The Heirs of Max Bialystock
Undoubtedly, the mental gymnasts of NBBL will be able to justify their pro bono representation somehow, and there’s no need for me to point out why it’s absurd that a white shoe law firm would take up their case on the merits alone. Instead, I urge you to read this excellent piece of reporting from Streetsblog if you haven’t already.
In addition to the in-depth analysis and sourcing from various pro bono experts, you’ll find this little tidbit of information:
The group’s membership form [PDF], which solicits donations to help pay for “incidental costs of our litigation expenses,” instructs donors to send their non-tax deductible contributions to 9 Prospect Park West, PHA — the penthouse apartment in one of the most exclusive addresses in Brooklyn.
A co-op apartment in 9 Prospect Park West recently sold for $3.2 million dollars, with $3600 per month in maintenance fees.
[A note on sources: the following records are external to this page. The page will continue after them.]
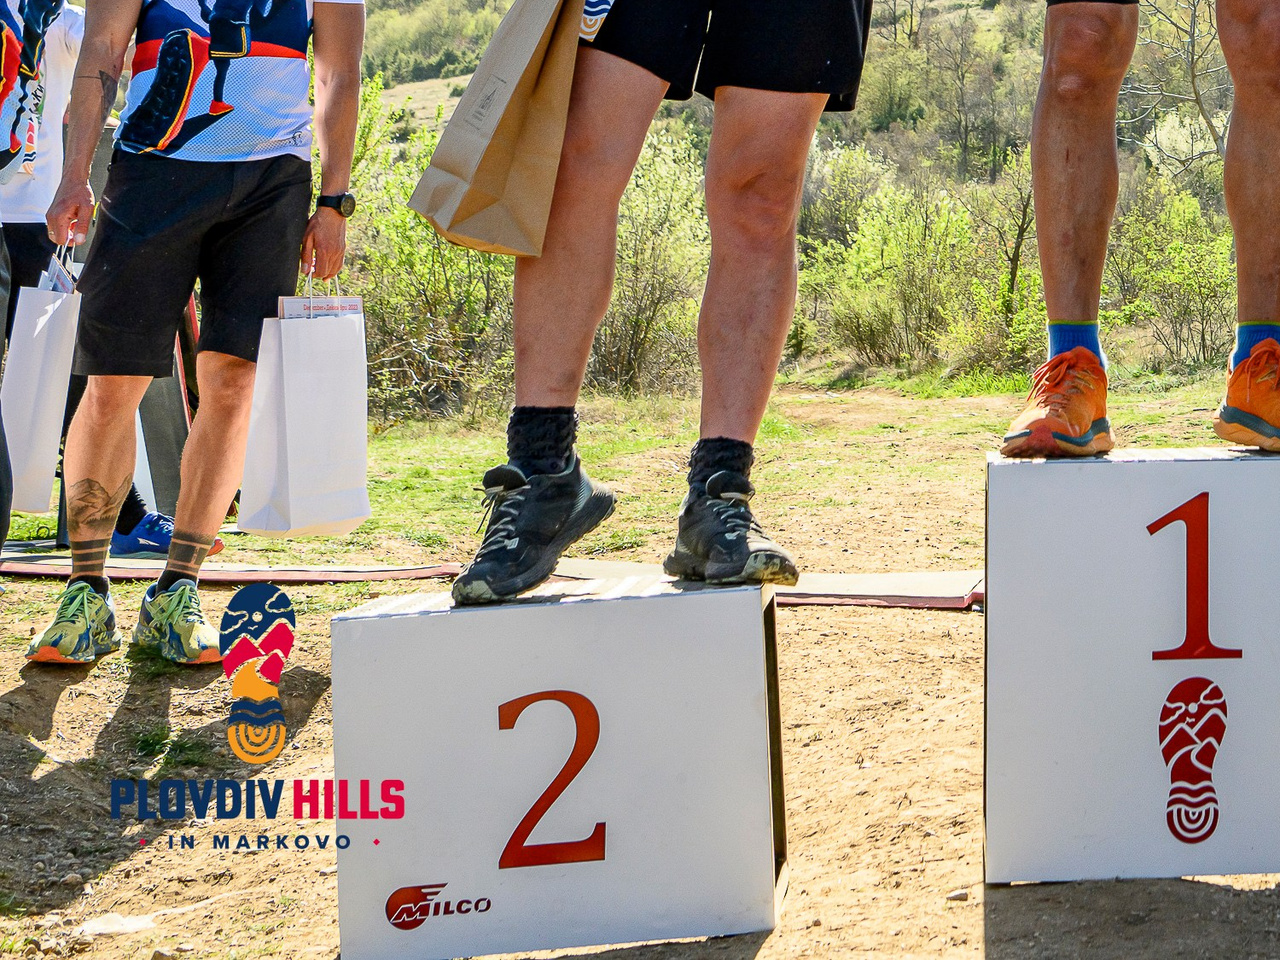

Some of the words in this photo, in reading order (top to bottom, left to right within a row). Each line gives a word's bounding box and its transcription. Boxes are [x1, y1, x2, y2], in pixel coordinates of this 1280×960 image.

[1146, 491, 1243, 661] 1
[498, 690, 606, 869] 2
[390, 898, 492, 923] MILCO
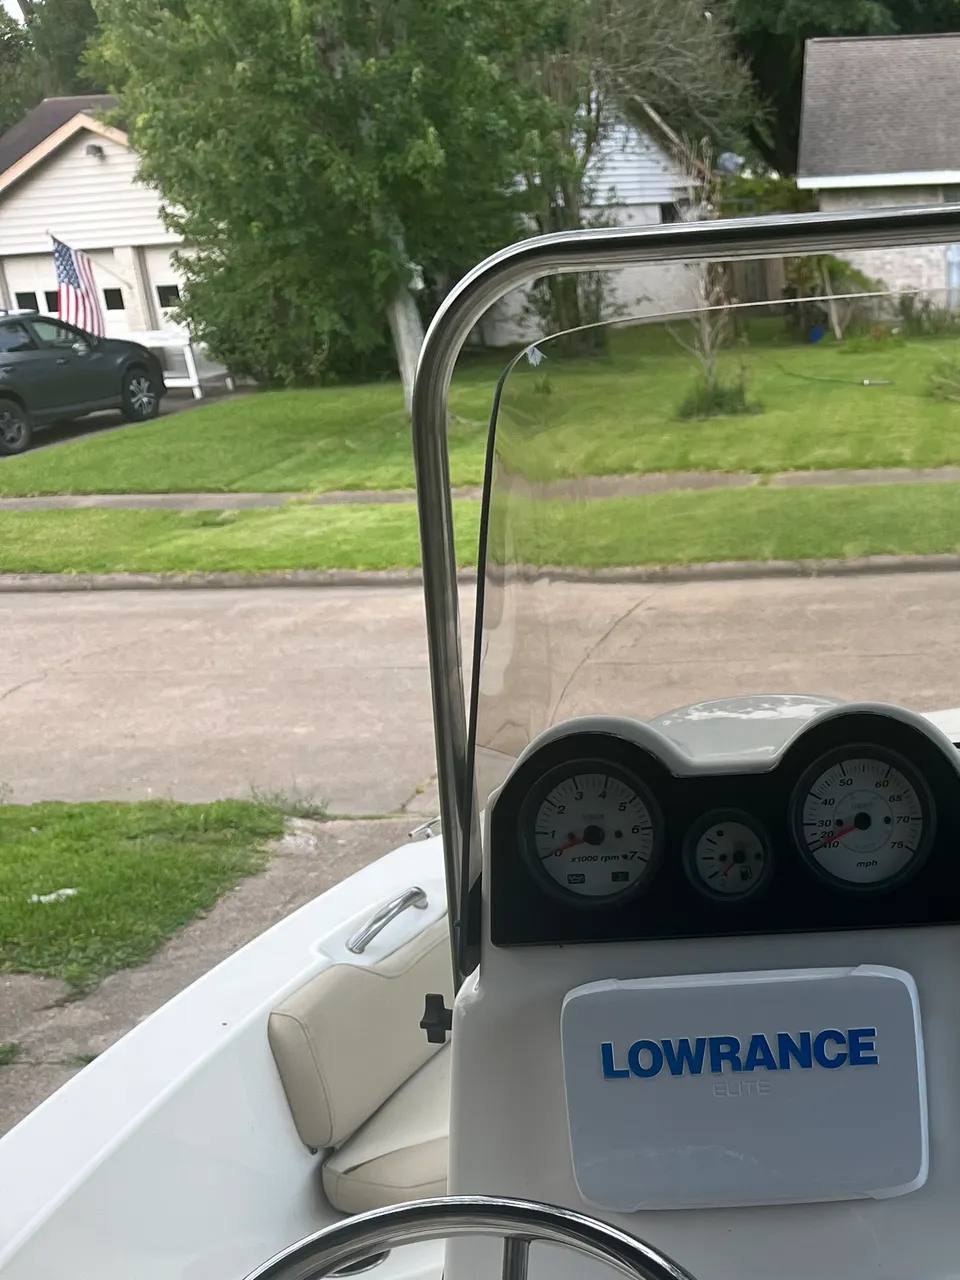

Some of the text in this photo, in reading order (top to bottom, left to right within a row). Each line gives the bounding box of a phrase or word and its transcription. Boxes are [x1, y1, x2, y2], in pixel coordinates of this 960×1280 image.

[839, 779, 853, 787] 50
[575, 791, 584, 800] 3
[598, 790, 606, 799] 4
[618, 802, 628, 811] 5
[821, 798, 835, 806] 40
[557, 805, 566, 814] 2
[631, 825, 640, 834] 6
[550, 830, 556, 839] 1
[629, 851, 638, 860] 7
[856, 860, 878, 868] mph
[600, 1027, 879, 1080] LOWRANCE
[712, 1081, 772, 1098] ELITE
The penthouse apartment, one can safely assume, must command a higher price than that. To repeat: According to its membership form, the group receiving free legal services from Jim Walden and Gibson, Dunn, and Crutcher is headquartered in an apartment likely worth several million dollars.
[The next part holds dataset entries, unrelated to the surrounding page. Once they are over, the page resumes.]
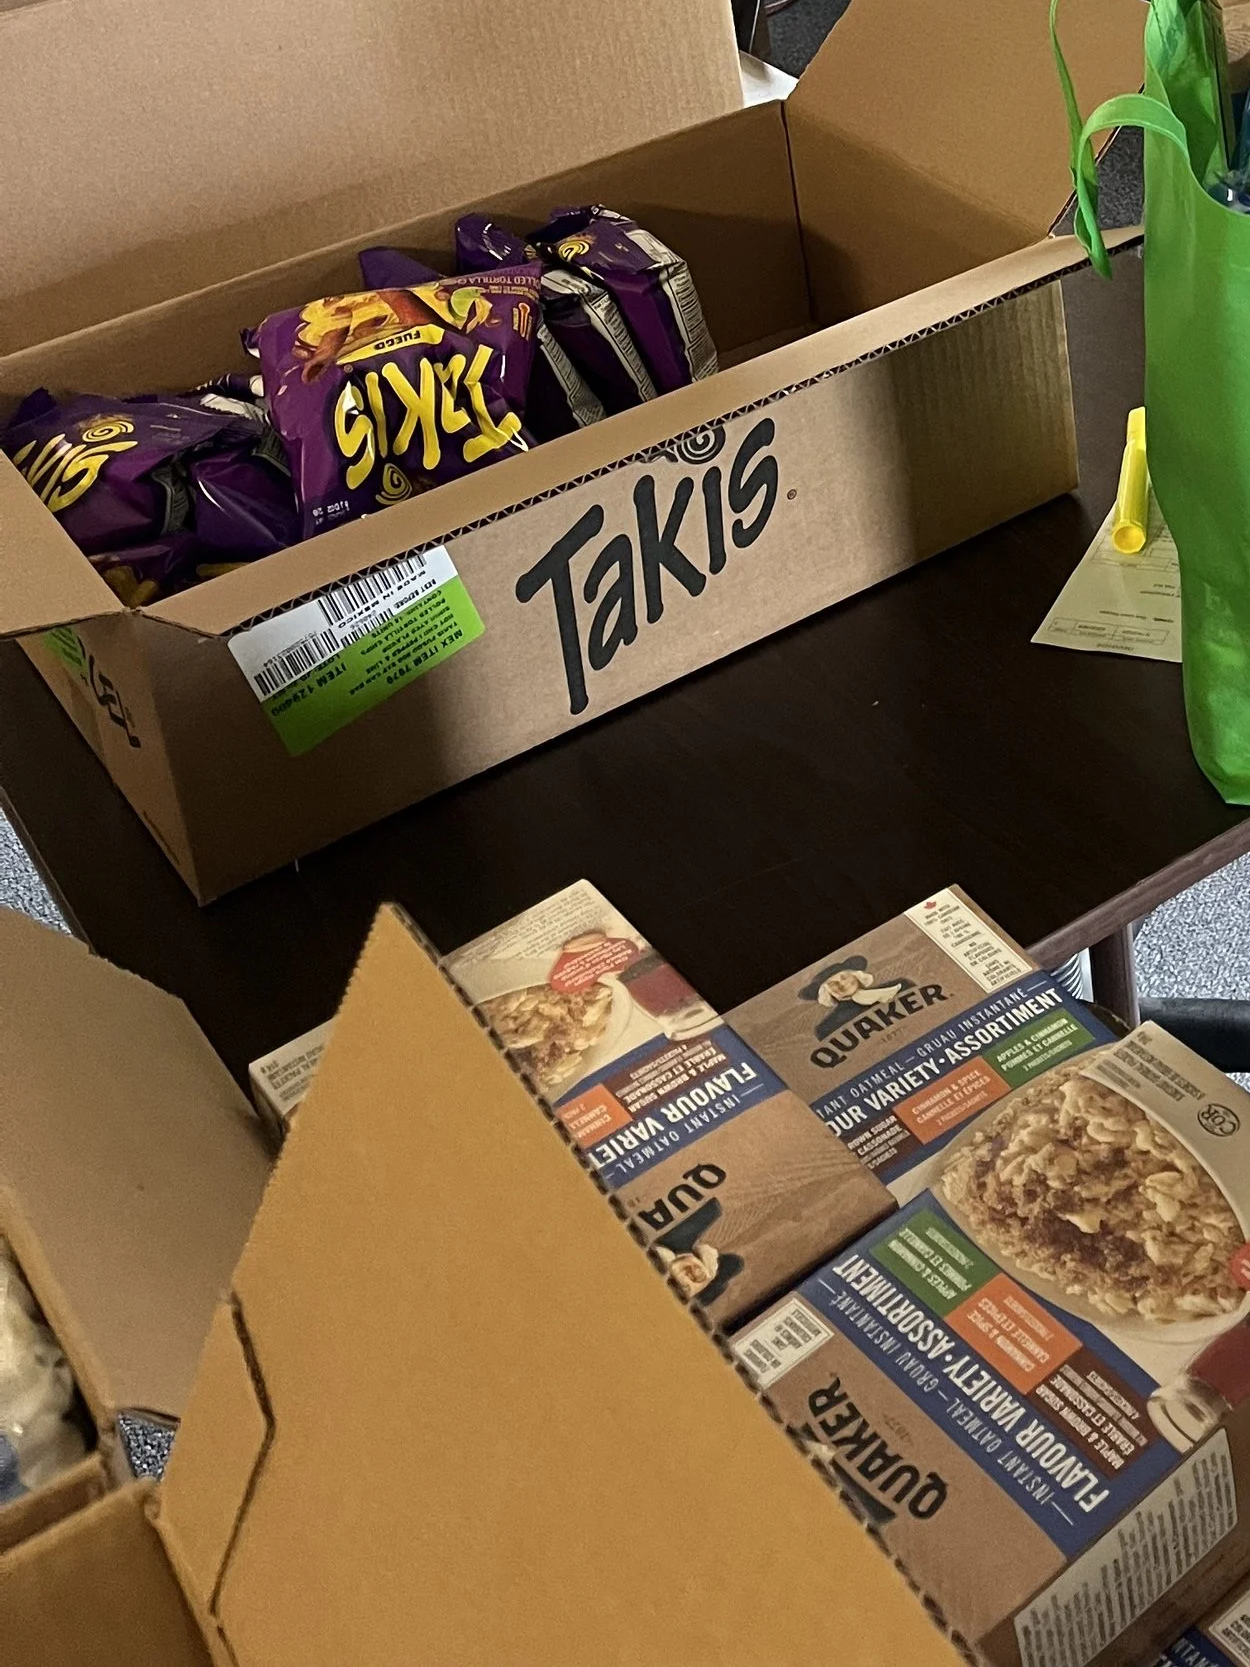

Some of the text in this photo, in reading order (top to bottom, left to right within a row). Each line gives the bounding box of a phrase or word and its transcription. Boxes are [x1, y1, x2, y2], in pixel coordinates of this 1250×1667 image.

[372, 329, 421, 351] FUEGO
[335, 344, 528, 491] Takis
[516, 417, 778, 715] Takis
[337, 599, 379, 629] MEXICO
[382, 590, 394, 600] IN
[382, 615, 418, 642] TORTILLA
[384, 628, 464, 685] MEX ITEM 7070
[314, 661, 348, 689] ITEM
[810, 983, 944, 1071] QUAKER
[815, 984, 1029, 1120] TANT OATMEAL GRUAU INSTANTANÉ
[863, 1055, 941, 1116] VARIETY
[943, 984, 1064, 1066] ASSORTIMENT
[568, 1103, 607, 1130] CANNELL
[660, 1058, 756, 1125] FLAVOUR
[1199, 1102, 1238, 1137] COR
[574, 1113, 611, 1139] CINNAM
[586, 1112, 664, 1170] VARIET
[614, 1092, 740, 1175] INSTANT OATMEAL
[870, 1114, 897, 1135] SUGAR
[637, 1162, 727, 1233] QUA
[831, 1247, 955, 1365] ASSORTIMENT
[926, 1271, 957, 1301] APPLES
[827, 1288, 901, 1357] INSTANTANÉ
[966, 1307, 993, 1333] SPICE
[894, 1348, 940, 1394] GRUAU
[941, 1349, 1028, 1433] VARIETY
[1034, 1381, 1064, 1411] SUGAR
[1048, 1372, 1096, 1419] CASSONADE
[944, 1396, 1003, 1454] OATMEAL
[1058, 1404, 1092, 1437] BROWN
[807, 1378, 948, 1521] QUAKER
[998, 1447, 1056, 1505] INSTANT
[1012, 1417, 1111, 1513] FLAVOUR
[1094, 1438, 1125, 1469] MAPLE
I’m no expert in the definitions of and limits to pro bono representation, and I’d love for someone to explain what kind of incidental expenses a pro bono client could incur. But I also wonder how a group headquartered at this exclusive address and headed by some of the most powerful, wealthy, and well-connected people in the city can’t afford money for photocopies and stamps.
What’s most galling to me is that while the primary members of NBBL are indeed quite wealthy, I’m sure there are more than a few well-meaning but misinformed Brooklyn residents who have sent in checks who aren’t of means. I’m not saying NBBL is pocketing money hand over fist this way, but considering the likely age of such donors and to whom the money is going, Steisel, Hainline, Weinshall and co. are almost literally taking money from little old ladies.
It is their right to use political connections and wealth to advance their cause, however unpopular it is. But when a group of millionaires request donations to cover their costs, it’s just more evidence of the true moral character of these so-called “neighbors.”